Material provided:
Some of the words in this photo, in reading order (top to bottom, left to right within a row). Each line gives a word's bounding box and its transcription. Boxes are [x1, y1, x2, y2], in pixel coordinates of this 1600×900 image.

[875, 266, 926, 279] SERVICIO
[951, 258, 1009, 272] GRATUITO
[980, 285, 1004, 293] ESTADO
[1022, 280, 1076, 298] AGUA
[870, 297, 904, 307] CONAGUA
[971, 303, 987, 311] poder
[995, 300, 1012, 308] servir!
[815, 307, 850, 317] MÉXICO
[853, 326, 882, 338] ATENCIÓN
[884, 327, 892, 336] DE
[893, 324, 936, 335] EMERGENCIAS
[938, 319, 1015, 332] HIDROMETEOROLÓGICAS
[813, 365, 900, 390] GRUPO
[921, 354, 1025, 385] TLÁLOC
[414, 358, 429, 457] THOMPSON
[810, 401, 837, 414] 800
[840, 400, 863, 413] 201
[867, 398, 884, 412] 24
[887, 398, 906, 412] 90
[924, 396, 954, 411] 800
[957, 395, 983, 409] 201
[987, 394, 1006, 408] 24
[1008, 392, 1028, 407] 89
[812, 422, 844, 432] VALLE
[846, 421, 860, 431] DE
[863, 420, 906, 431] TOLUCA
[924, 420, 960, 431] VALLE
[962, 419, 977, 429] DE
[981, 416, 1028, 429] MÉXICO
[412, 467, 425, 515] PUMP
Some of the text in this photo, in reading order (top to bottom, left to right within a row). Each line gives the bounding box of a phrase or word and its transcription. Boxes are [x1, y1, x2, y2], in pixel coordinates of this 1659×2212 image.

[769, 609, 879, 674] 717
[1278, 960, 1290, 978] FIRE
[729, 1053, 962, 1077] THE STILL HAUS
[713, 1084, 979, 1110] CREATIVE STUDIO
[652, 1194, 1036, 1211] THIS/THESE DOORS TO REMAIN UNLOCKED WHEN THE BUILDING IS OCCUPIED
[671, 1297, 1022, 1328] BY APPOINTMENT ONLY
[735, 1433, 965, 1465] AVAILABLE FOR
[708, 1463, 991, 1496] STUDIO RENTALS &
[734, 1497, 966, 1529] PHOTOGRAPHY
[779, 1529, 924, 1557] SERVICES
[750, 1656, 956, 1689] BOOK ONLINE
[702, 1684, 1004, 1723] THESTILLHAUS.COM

What you have to do:
The response is the exact set of lines from the one holding "Some of the text" through the last line of the material.

Task output:
Some of the text in this photo, in reading order (top to bottom, left to right within a row). Each line gives the bounding box of a phrase or word and its transcription. Boxes are [x1, y1, x2, y2], in pixel coordinates of this 1659×2212 image.

[769, 609, 879, 674] 717
[1278, 960, 1290, 978] FIRE
[729, 1053, 962, 1077] THE STILL HAUS
[713, 1084, 979, 1110] CREATIVE STUDIO
[652, 1194, 1036, 1211] THIS/THESE DOORS TO REMAIN UNLOCKED WHEN THE BUILDING IS OCCUPIED
[671, 1297, 1022, 1328] BY APPOINTMENT ONLY
[735, 1433, 965, 1465] AVAILABLE FOR
[708, 1463, 991, 1496] STUDIO RENTALS &
[734, 1497, 966, 1529] PHOTOGRAPHY
[779, 1529, 924, 1557] SERVICES
[750, 1656, 956, 1689] BOOK ONLINE
[702, 1684, 1004, 1723] THESTILLHAUS.COM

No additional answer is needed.